|M.Sc Student||Grabovitch-Zuyev Irena|
|Subject||Entity search in Facebook|
|Department||Department of Computer Science||Supervisors||Mr. Ziv Bar-Yossef|
|Dr. Yaron Kanza|
|Full Thesis text|
Facebook is the most popular online social network, with more than a billion and a half active users. As such, Facebook has become a significant source of information and searching within its mass content has become a necessity. Nevertheless, very little research has been done on Facebook Search, due to the difficulty of collecting Facebook data by researchers who are not Facebook employees.
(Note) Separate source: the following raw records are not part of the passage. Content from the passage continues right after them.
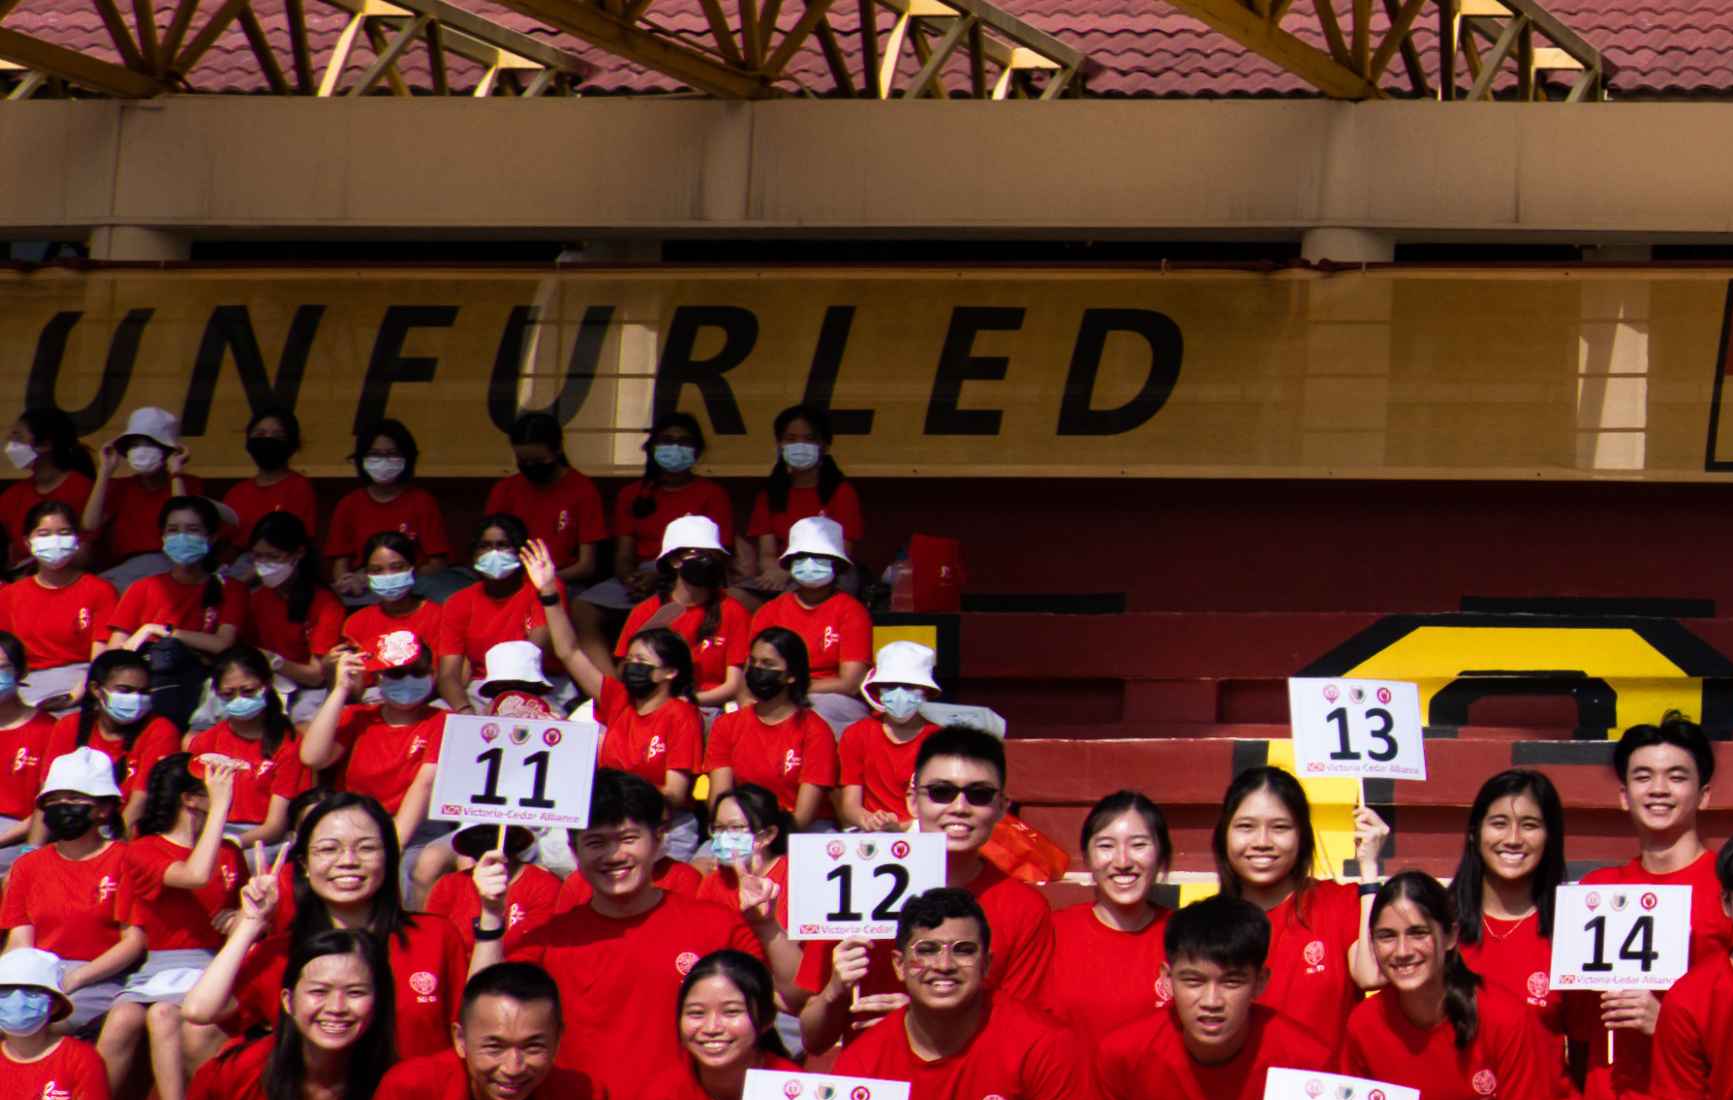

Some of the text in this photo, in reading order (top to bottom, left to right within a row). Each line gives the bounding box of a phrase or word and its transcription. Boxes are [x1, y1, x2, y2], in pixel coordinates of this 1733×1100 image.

[25, 303, 1185, 438] UNFURLED
[1326, 707, 1398, 762] 13
[470, 747, 556, 809] 11
[826, 863, 910, 922] 12
[1582, 916, 1659, 972] 14
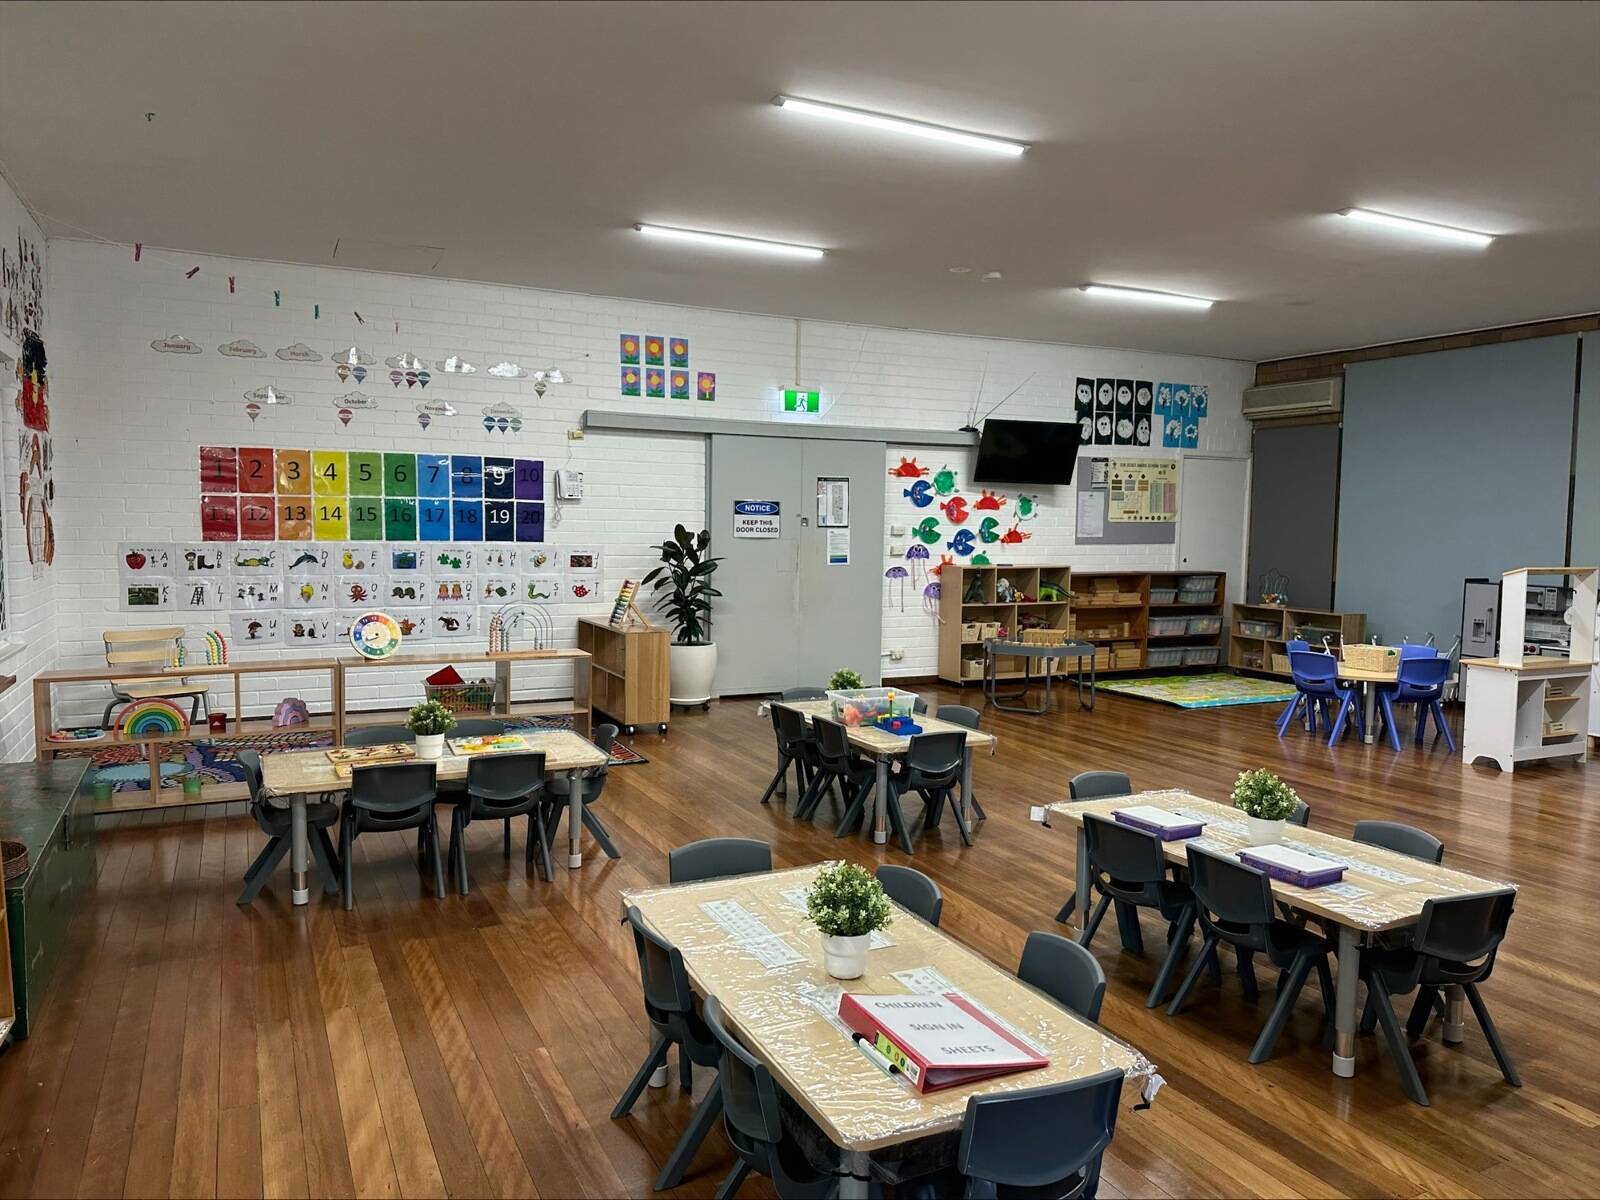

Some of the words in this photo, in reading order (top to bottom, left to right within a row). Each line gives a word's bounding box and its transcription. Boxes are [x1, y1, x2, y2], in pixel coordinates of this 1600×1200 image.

[164, 342, 190, 350] January
[216, 460, 222, 477] 1
[251, 460, 262, 478] 2
[288, 462, 300, 480] 3
[324, 463, 337, 481] 4
[360, 464, 371, 481] 5
[394, 465, 406, 482] 6
[428, 466, 440, 483] 7
[461, 466, 472, 484] 8
[493, 467, 506, 485] 9
[520, 468, 539, 482] 10
[208, 506, 231, 520] 11
[248, 506, 269, 521] 12
[285, 506, 306, 521] 13
[320, 506, 343, 521] 14
[356, 507, 376, 521] 15
[392, 508, 411, 522] 16
[425, 508, 444, 522] 17
[458, 509, 477, 523] 18
[490, 510, 510, 524] 19
[522, 510, 540, 524] 20
[163, 586, 168, 594] K
[218, 586, 224, 594] L
[595, 582, 599, 591] T
[270, 620, 276, 628] U
[941, 1045, 996, 1054] SHEETS
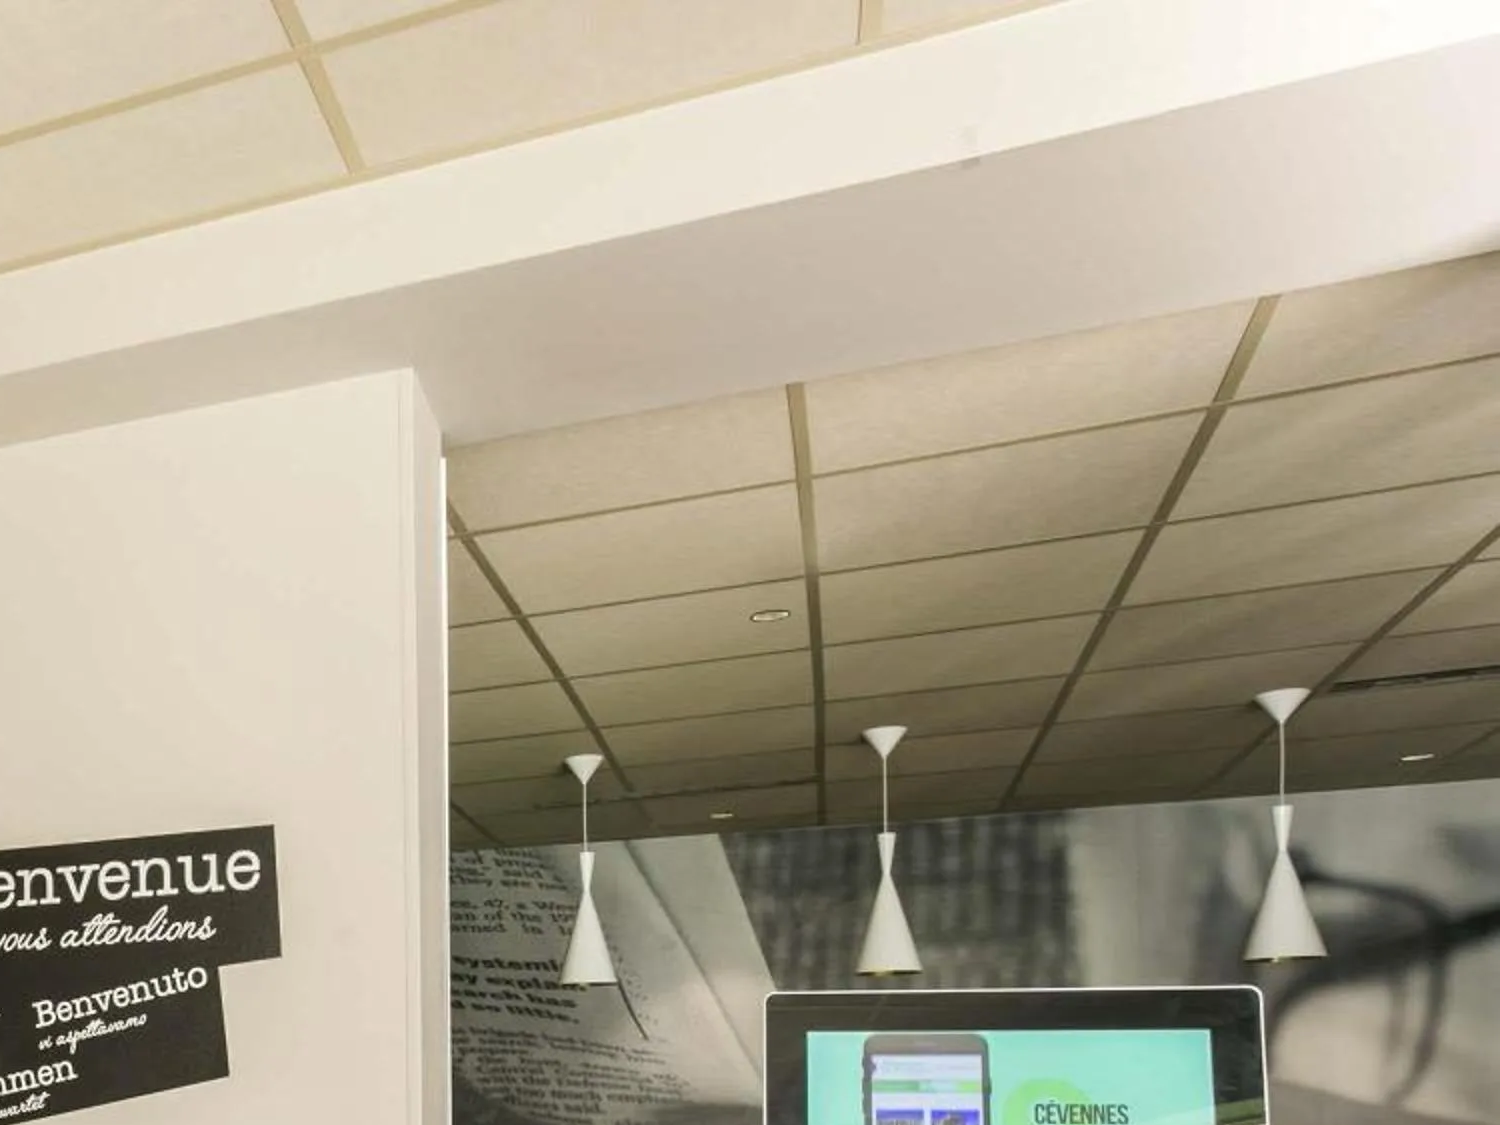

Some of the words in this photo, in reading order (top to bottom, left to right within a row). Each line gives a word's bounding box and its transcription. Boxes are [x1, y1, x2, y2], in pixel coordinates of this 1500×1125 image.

[60, 905, 217, 948] attendions
[32, 967, 208, 1028] Benvenuto
[56, 1013, 148, 1055] aspettavamo
[1034, 1099, 1129, 1125] CÉVENNES
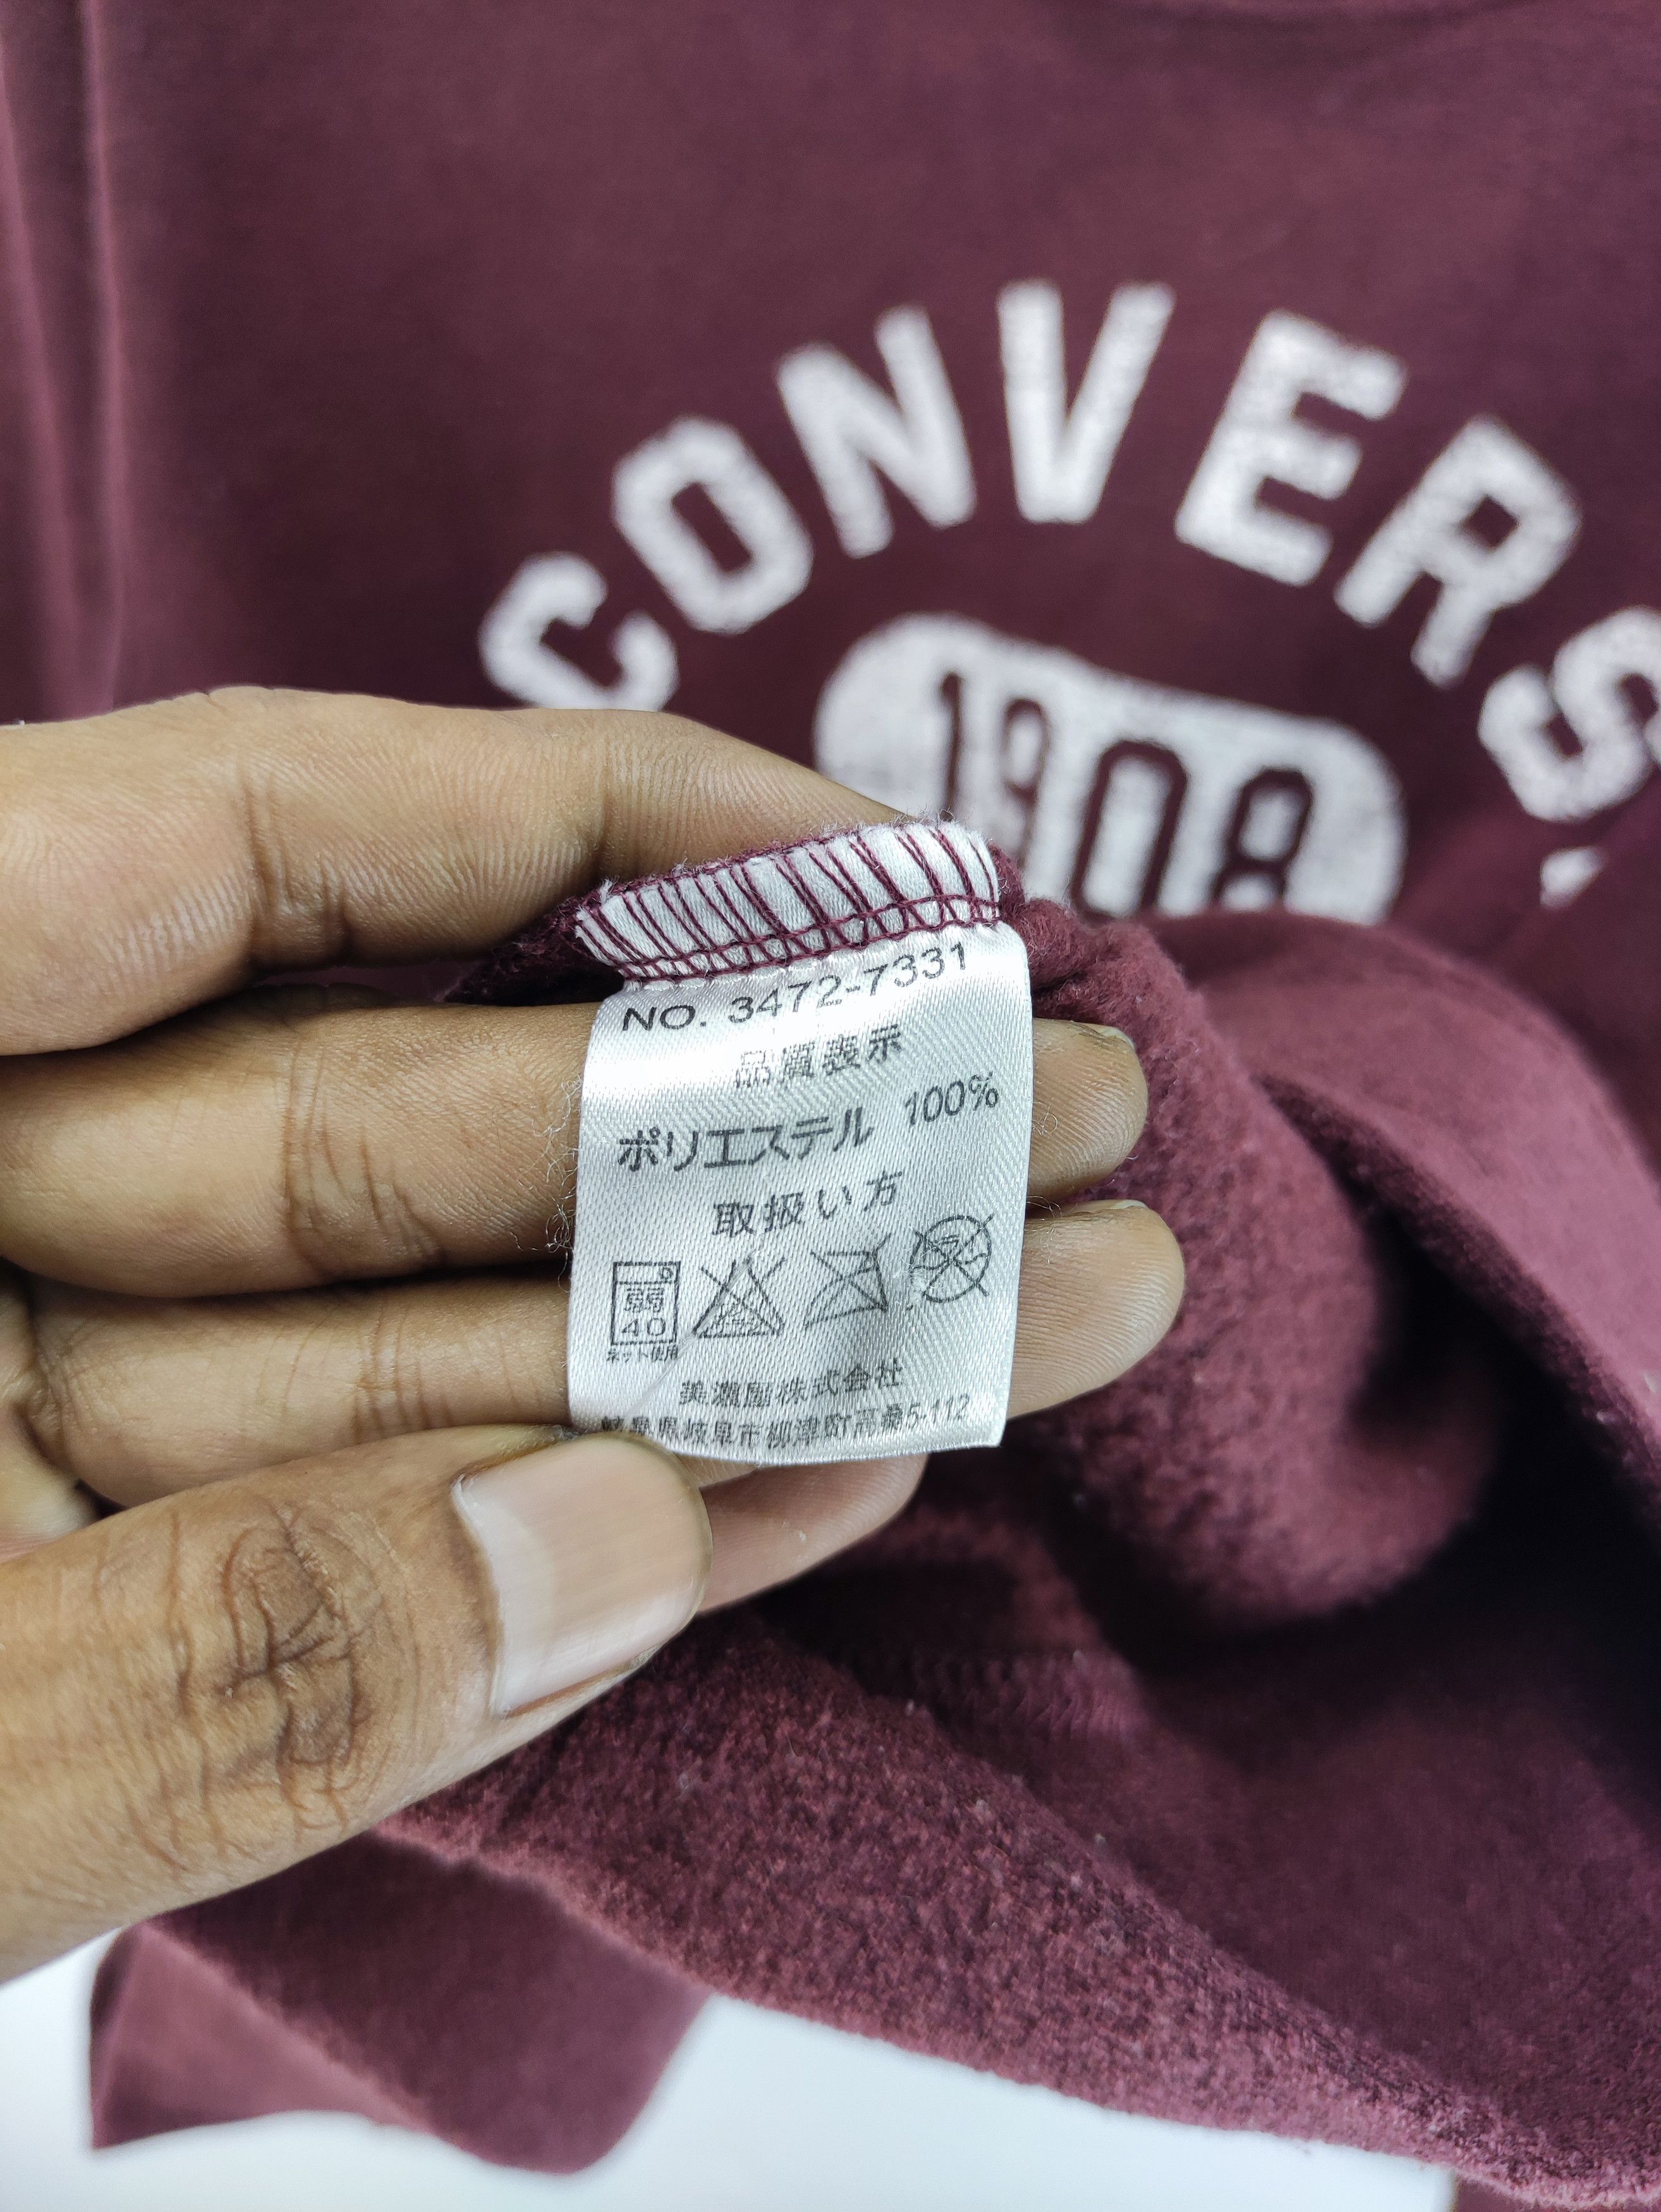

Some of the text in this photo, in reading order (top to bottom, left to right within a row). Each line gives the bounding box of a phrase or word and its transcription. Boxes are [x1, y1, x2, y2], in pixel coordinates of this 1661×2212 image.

In this research we study entity search in Facebook. Queries are public entities, like celebrities, companies, places, organizations, movies, and books. The entities are represented as Facebook pages. Search results (documents) are content items (posts, checkins, status updates, shares, photos, groups) that are accessible to a particular Facebook user and are relevant to her query. Beyond directly addressing the user’s need to search her content in Facebook, entity search can be useful for recommending interesting content to the user and generating a user model that can lead to better personalized services and ad targeting.
Searching within Facebook content is difficult because documents are short and rife with slang and other social network jargon. Our search algorithm tackles this challenge by using a rich representation of each query entity, including aliases in various languages and related entities and terms. This, together with aggressive stemming, allows our algorithm to retrieve even short and informal documents that refer to the entity by various nicknames in different languages. The rich entity representation is also used to score documents based on their similarity to the entity’s related terms and discard ones that either refer to other entities with the same name or that only marginally refer to the entity.
In order to generate a rich entity representation, we reconcile Facebook pages with Freebase entities and use the content of both the Facebook pages and the corresponding Freebase entries to come up with aliases, names in different languages and related terms. This reconciliation module could be of independent interest.
We evaluated our search algorithm on content collected from 6 Facebook accounts, covering items posted by 1,000 Facebook users. For almost all categories of entities, our algorithm achieves 88% precision and 75% recall of highly relevant items and 66% recall when including weakly relevant items. We compared our algorithm to a baseline method that achieves only 77% precision and a significantly lower recall of about 50%.